Leaving out only the pictures, write out all the entries exactly.
§
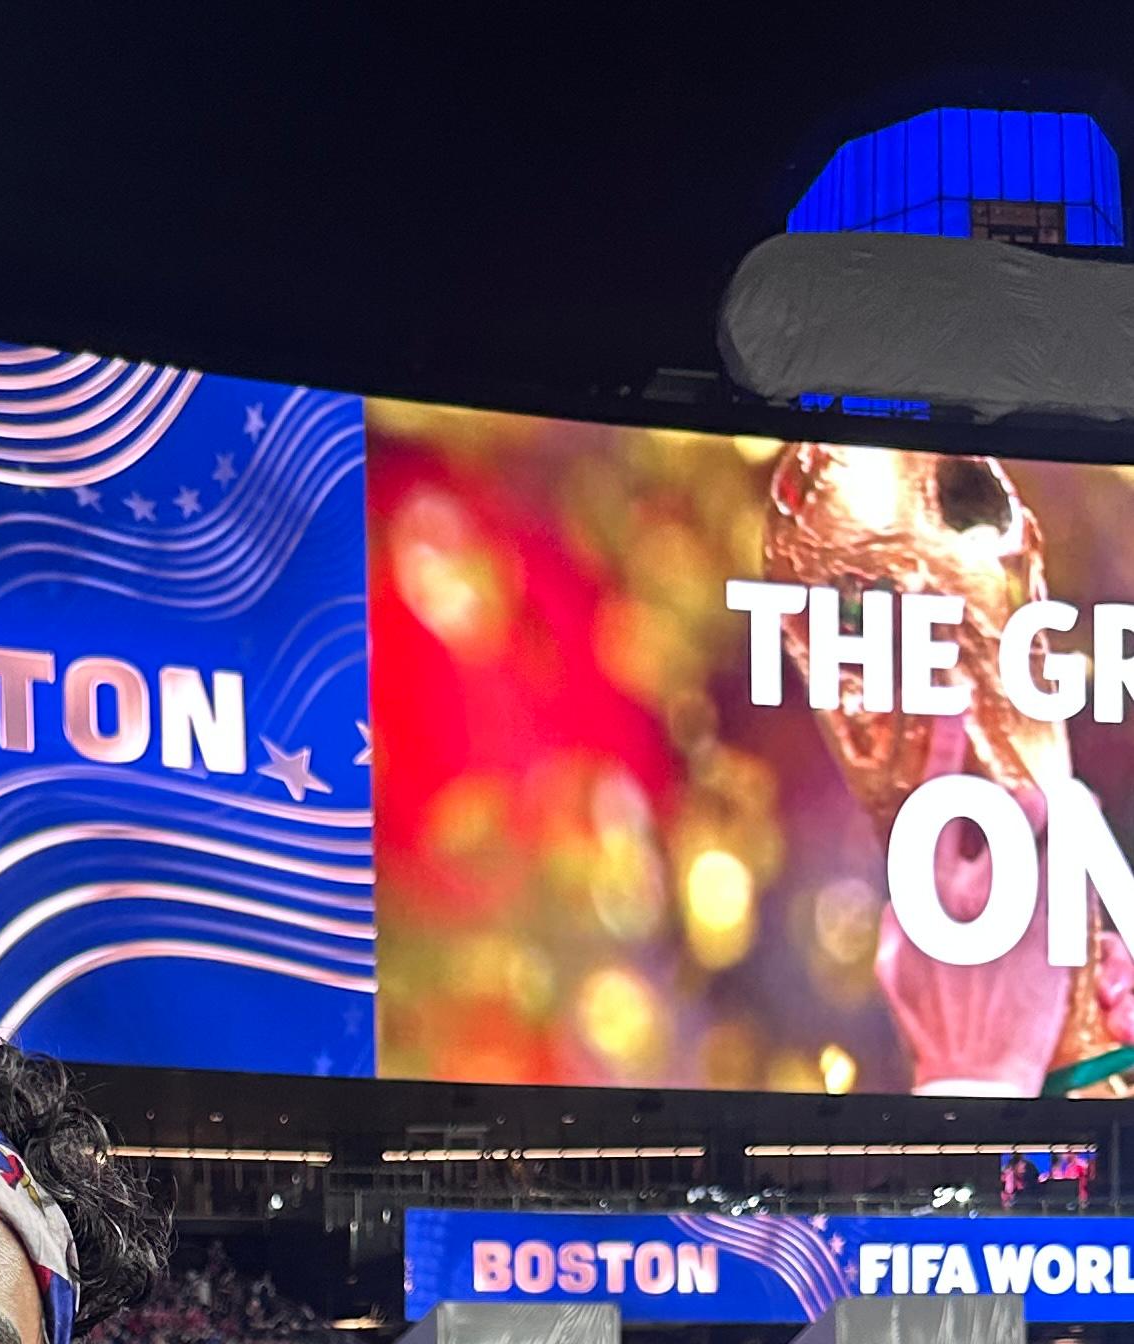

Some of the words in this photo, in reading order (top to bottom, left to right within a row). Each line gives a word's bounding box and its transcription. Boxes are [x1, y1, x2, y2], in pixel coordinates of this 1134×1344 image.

[726, 579, 971, 716] THE
[472, 1240, 719, 1294] BOSTON
[859, 1242, 978, 1294] FIFA
[982, 1243, 1134, 1294] WORL
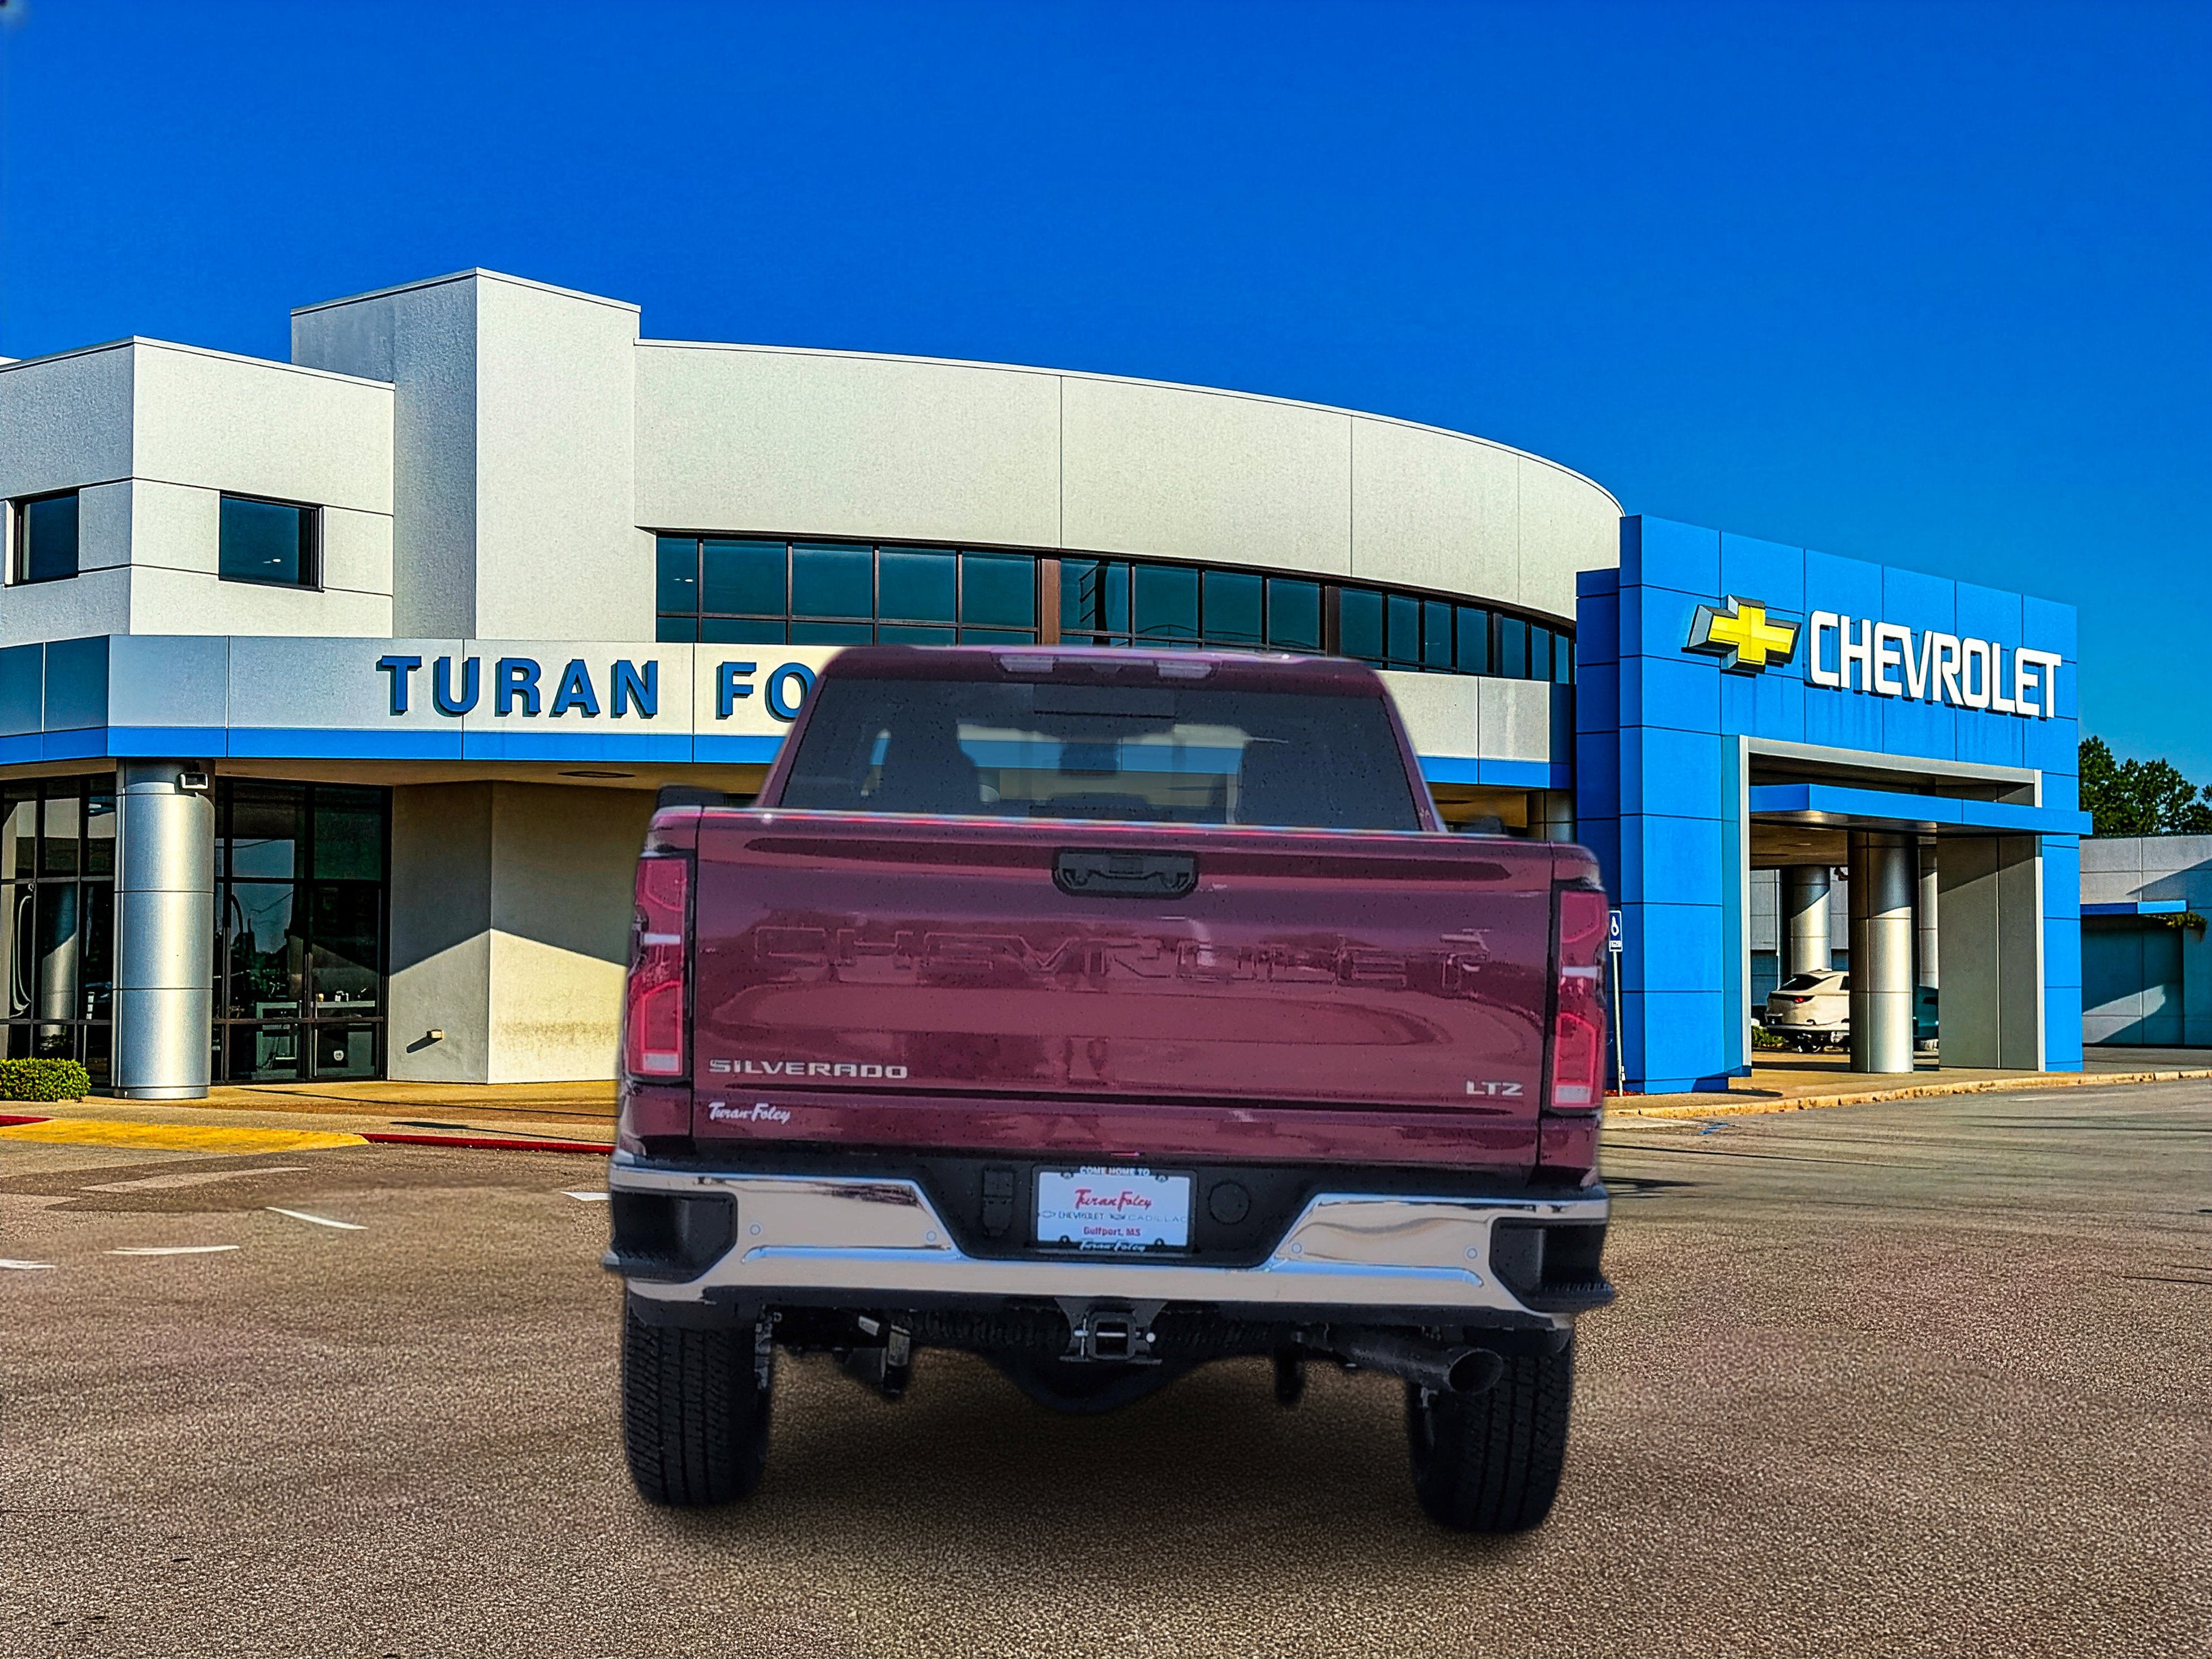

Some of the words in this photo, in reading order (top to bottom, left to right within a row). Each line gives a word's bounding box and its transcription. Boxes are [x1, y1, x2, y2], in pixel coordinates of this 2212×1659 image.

[1810, 610, 2062, 718] CHEVROLET
[375, 655, 659, 719] TURAN
[709, 1059, 908, 1079] SILVERADO
[1466, 1081, 1523, 1096] LTZ
[1079, 1166, 1107, 1174] COME
[1109, 1167, 1135, 1175] HOME
[1058, 1211, 1104, 1220] CHEVROLET
[1083, 1226, 1124, 1236] Gulfport,
[1126, 1227, 1141, 1236] MS
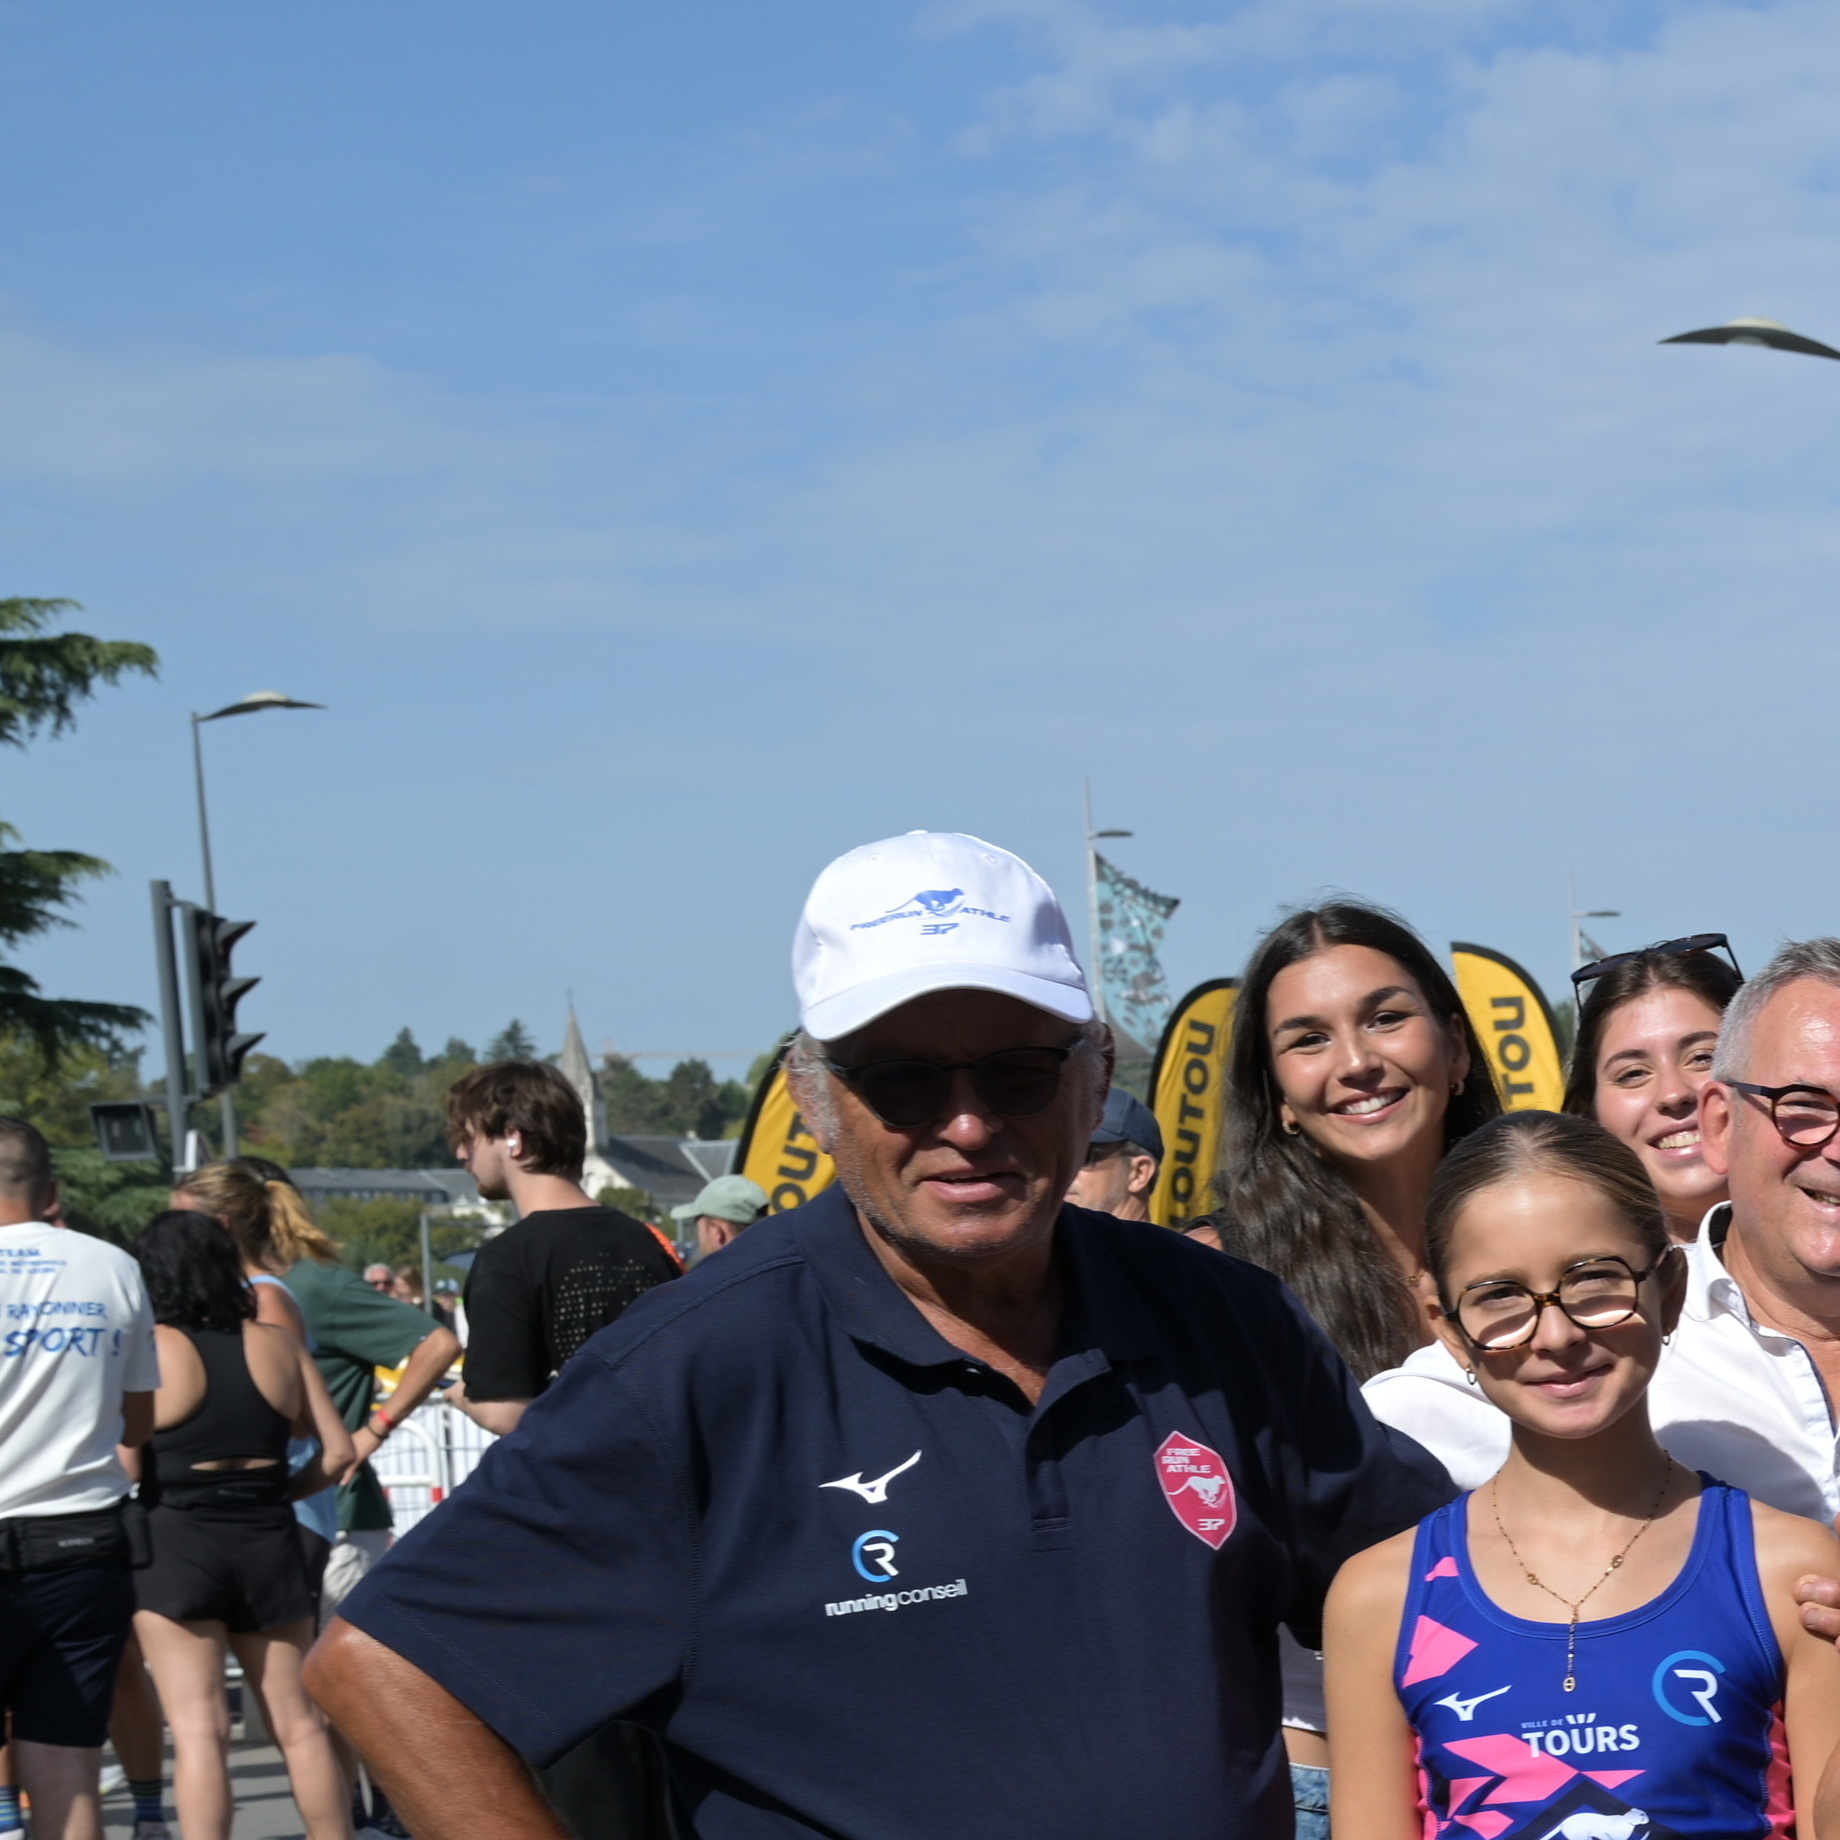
§
▶ Output for this task:
Some of the words in this photo, in reading order (top to bottom, left to right within a row). Each line gives a word's bounding box and its transcription. Boxes are [x1, y1, x2, y2], in pixel coordinates of this 1134×1344 image.

[726, 579, 971, 716] THE
[472, 1240, 719, 1294] BOSTON
[859, 1242, 978, 1294] FIFA
[982, 1243, 1134, 1294] WORL

Some of the words in this photo, in reading order (top to bottom, left to right within a row). Each line gives a word's bounding box and its transcription. Boxes are [x1, y1, x2, y2], in pixel coordinates of this 2212×1659 image.

[1810, 610, 2062, 718] CHEVROLET
[375, 655, 659, 719] TURAN
[709, 1059, 908, 1079] SILVERADO
[1466, 1081, 1523, 1096] LTZ
[1079, 1166, 1107, 1174] COME
[1109, 1167, 1135, 1175] HOME
[1058, 1211, 1104, 1220] CHEVROLET
[1083, 1226, 1124, 1236] Gulfport,
[1126, 1227, 1141, 1236] MS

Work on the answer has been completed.